Collection entries
== Segment start ==

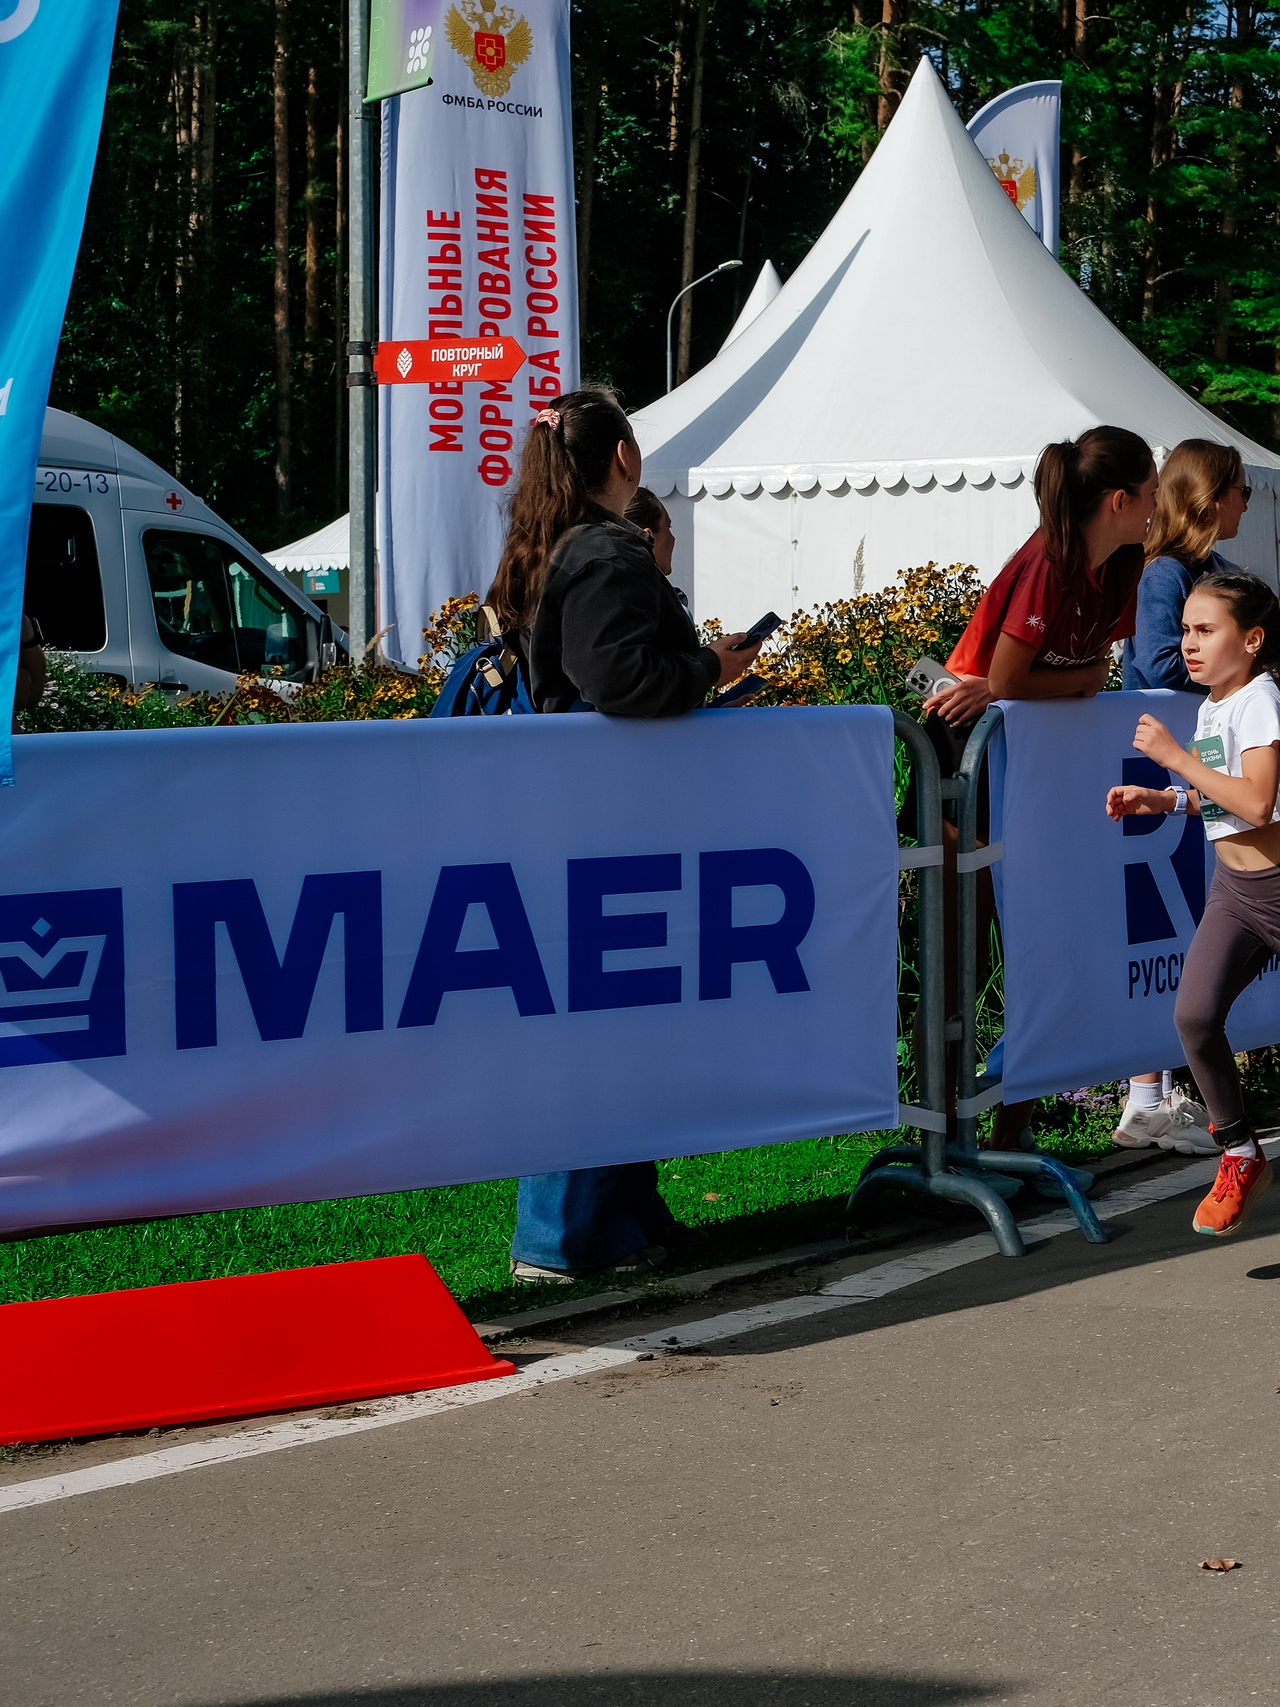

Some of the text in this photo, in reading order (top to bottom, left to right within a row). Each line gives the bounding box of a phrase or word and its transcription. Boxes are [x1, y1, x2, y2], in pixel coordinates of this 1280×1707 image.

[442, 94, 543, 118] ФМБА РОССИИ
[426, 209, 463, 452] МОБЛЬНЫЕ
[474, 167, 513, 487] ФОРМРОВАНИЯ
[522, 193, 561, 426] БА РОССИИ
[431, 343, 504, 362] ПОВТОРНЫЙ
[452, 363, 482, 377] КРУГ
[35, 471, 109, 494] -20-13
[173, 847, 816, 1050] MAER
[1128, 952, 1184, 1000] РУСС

== Segment end ==

**WHAT YOU NEED TO DO**. Leave the pictures out and print every record exactly.

**RESPONSE BOX**.
Some of the text in this photo, in reading order (top to bottom, left to right within a row). Each line gives the bounding box of a phrase or word and its transcription. Boxes are [x1, y1, x2, y2], in pixel coordinates of this 1280×1707 image.

[442, 94, 543, 118] ФМБА РОССИИ
[426, 209, 463, 452] МОБЛЬНЫЕ
[474, 167, 513, 487] ФОРМРОВАНИЯ
[522, 193, 561, 426] БА РОССИИ
[431, 343, 504, 362] ПОВТОРНЫЙ
[452, 363, 482, 377] КРУГ
[35, 471, 109, 494] -20-13
[173, 847, 816, 1050] MAER
[1128, 952, 1184, 1000] РУСС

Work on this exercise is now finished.